Merci à Fafa, Puppy et Mamounette pour leur soutien, et aussi c'est un peu de leur faute si cette fic existe /o/


Amour, Gloire et Salles de bain
Chapitre 1 : Amour, Gloire et Salles de bain

« Très bien… Je vois que tu as obtenu ton diplôme avec les honneurs. Et ça fait plaisir devoir des recommandations aussi positives, dis donc ! »

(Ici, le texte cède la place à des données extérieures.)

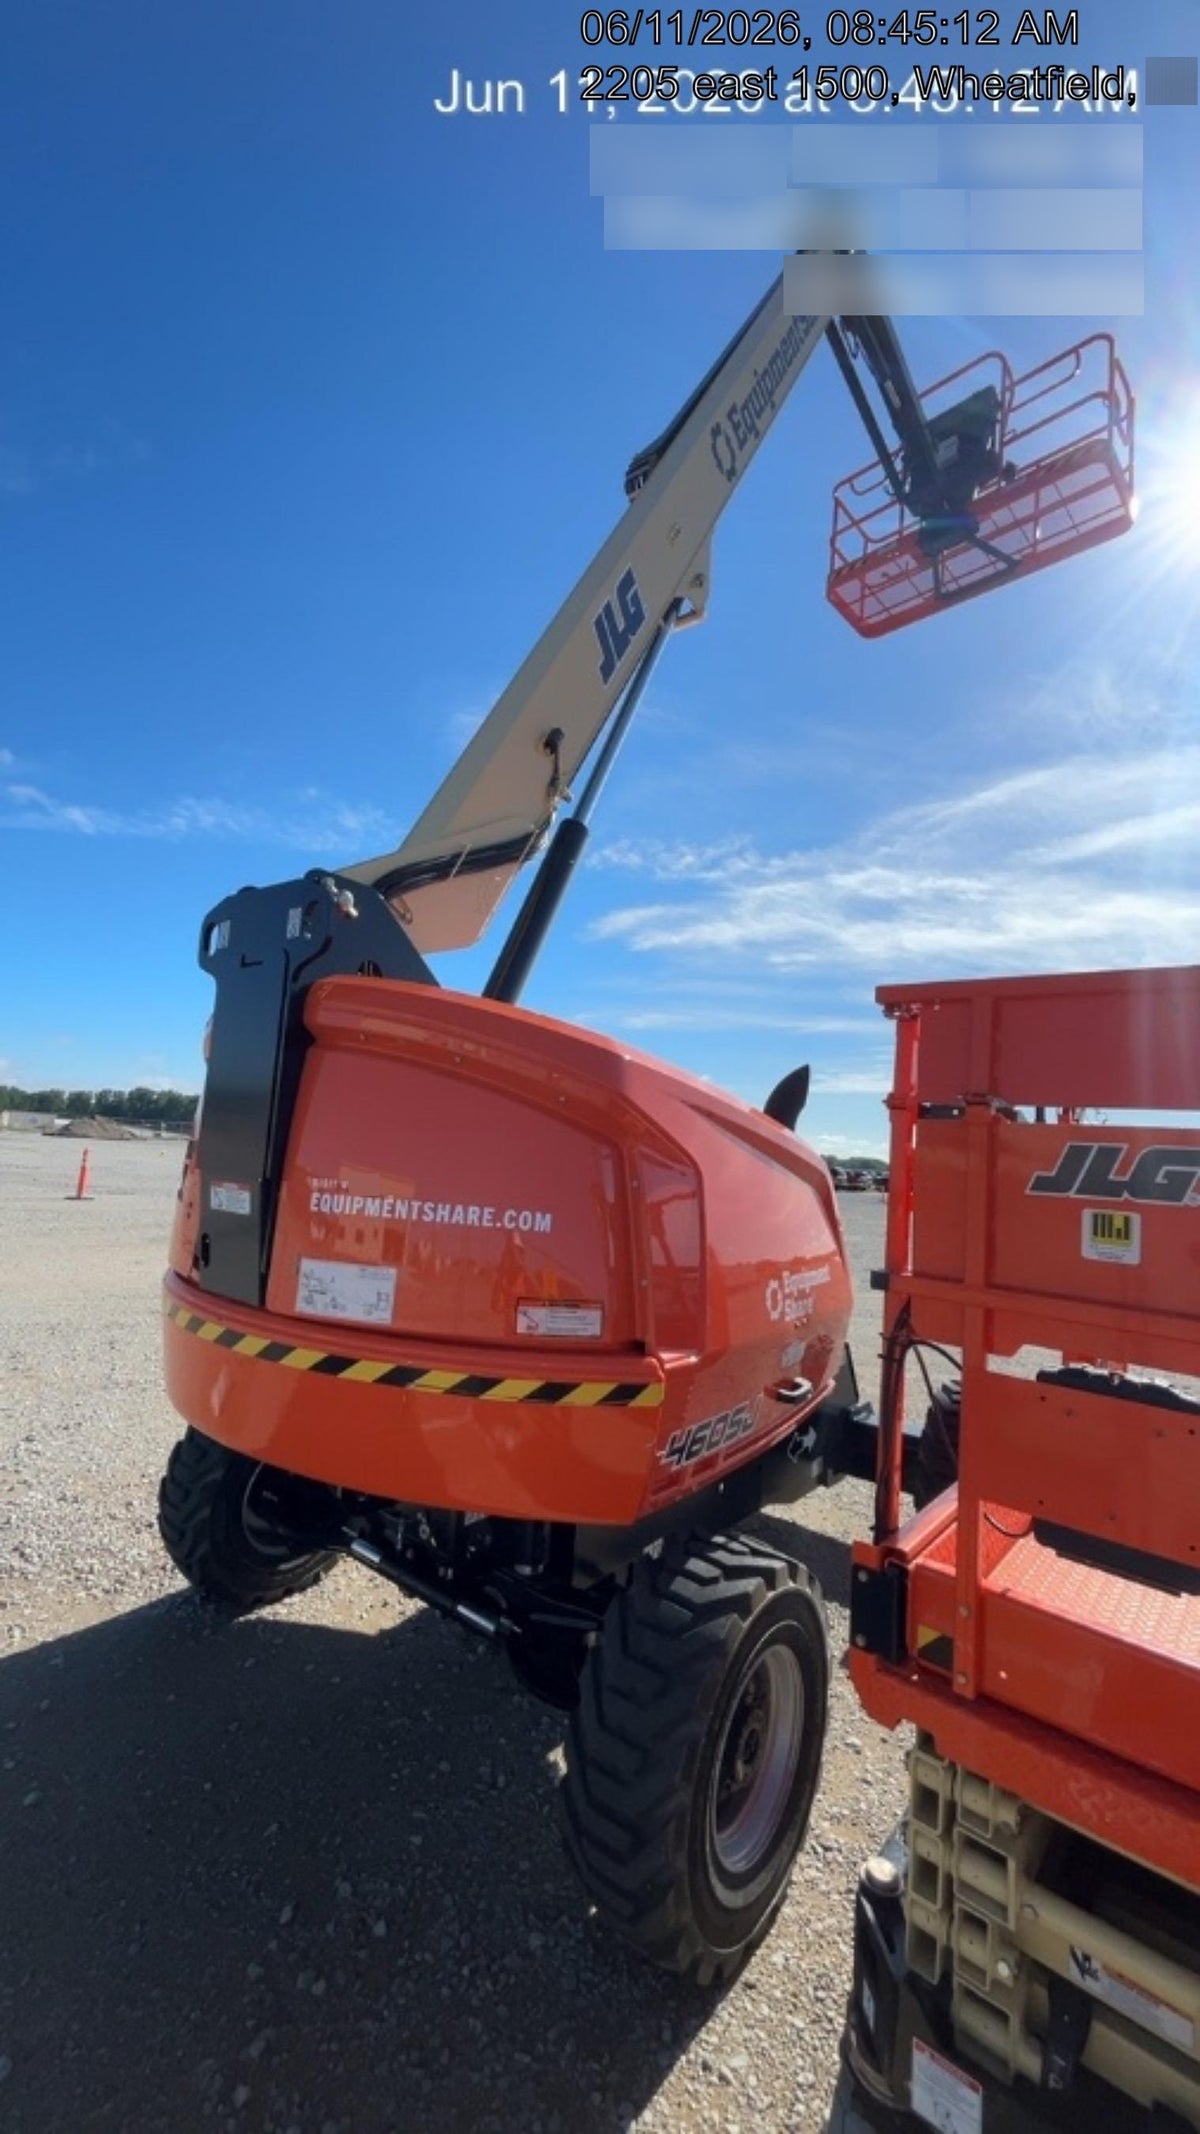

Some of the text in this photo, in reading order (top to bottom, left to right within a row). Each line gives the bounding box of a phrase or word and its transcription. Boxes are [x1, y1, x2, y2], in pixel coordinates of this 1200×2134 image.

Humble, Shouto Todoroki se contenta d'incliner la tête.
Ce n'était pas que ces compliments ne lui faisaient pas plaisir, bien sûr, mais il s'était présenté à cet entretien d'embauche dans un seul but, celui de savoir si l'homme assis devant lui consentirait à l'engager ou non, et il commençait à trouver le temps long. L'idée que l'on puisse vouloir discuter de son parcours scolaire pendant plus d'une demi-heure lui paraissait toujours un peu étrange ; soit il avait les compétences requises, soit il ne les avait pas, après tout.
Malheureusement pour lui, son potentiel futur employeur avait tout d'un homme susceptible de le retenir à bavarder des heures encore. Chaleureux, souriant, il avait la quarantaine légèrement bedonnante et les gestes empreints d'une bonhomie que Shouto trouvait plaisante, quoiqu'un peu déconcertante – et lorsqu'il lui avait serré la main, il s'était rendu compte que ses paumes arboraient fièrement la rugosité propre au travail manuel qui était le sien.

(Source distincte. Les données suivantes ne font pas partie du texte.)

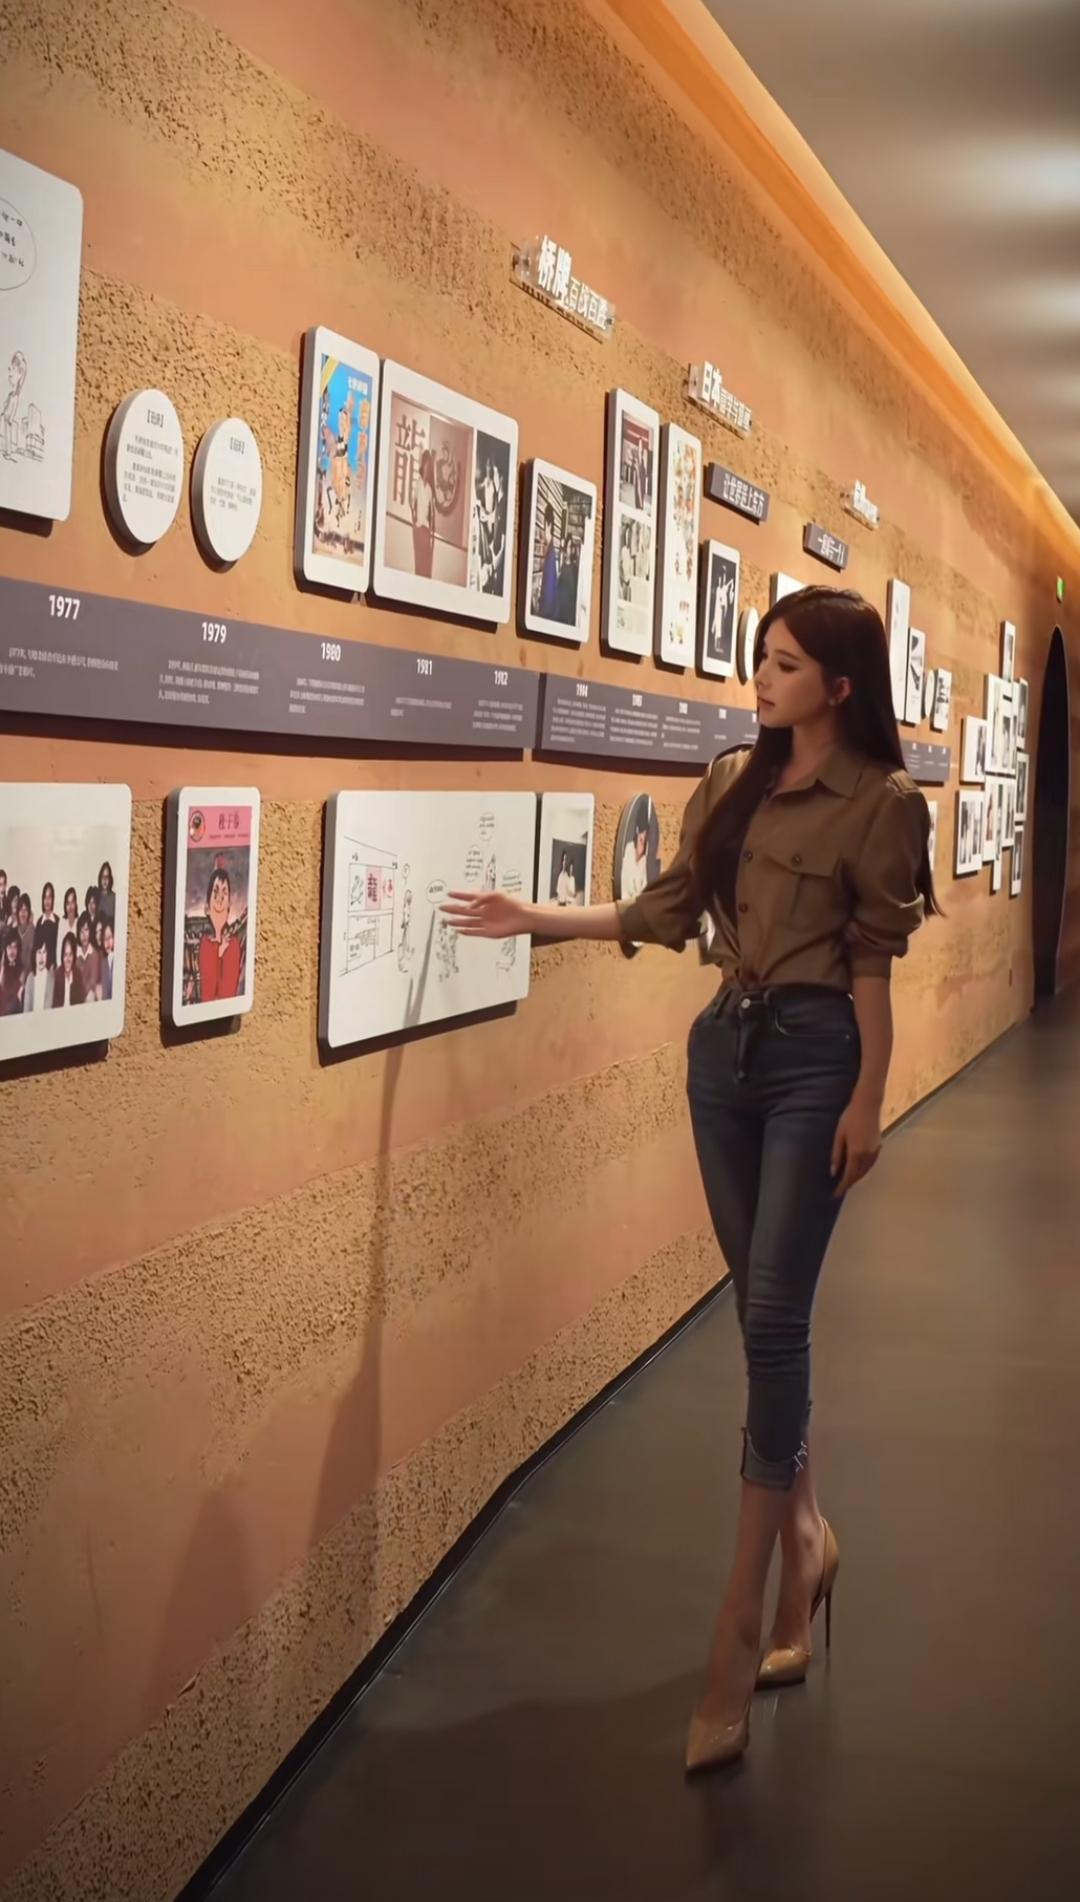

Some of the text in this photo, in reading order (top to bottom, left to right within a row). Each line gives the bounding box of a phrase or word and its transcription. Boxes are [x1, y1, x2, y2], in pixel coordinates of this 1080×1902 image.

Plomb'Express SA, dépannage et installation sanitaire depuis quinze ans. Son dirigeant, Takeshi Tanaka, quarante-deux ans, avait plusieurs dizaines d'années de métier derrière lui, et s'il pouvait paraître simple il avait dans le regard cette lueur qui trahissait la méticulosité avec laquelle il évaluait les candidats qui se présentaient à lui. C'était quelqu'un avec qui Shouto avait intérêt à être honnête, sinon-
Ses yeux s'écarquillèrent soudain, de façon qu'il espéra imperceptible, et il se reprit. Bon sang ! Il s'était juré de ne plus penser ainsi.

« J'ai fait mon apprentissage après le lycée, reprit-il rapidement, peu désireux de se laisser déconcentrer. Ensuite, au bout d'une année et demie chez mon formateur…
– Tu as eu envie de changer un peu d'air ? »

Sans se formaliser d'avoir été interrompu, Shouto hocha la tête.

« C'est tout à ton honneur ! Et donc, là, ça te fait… vingt-trois ans.
– C'est ça.
– Mon meilleur employé a le même âge. Si ça se trouve, vous vous entendrez comme larrons en foire ! »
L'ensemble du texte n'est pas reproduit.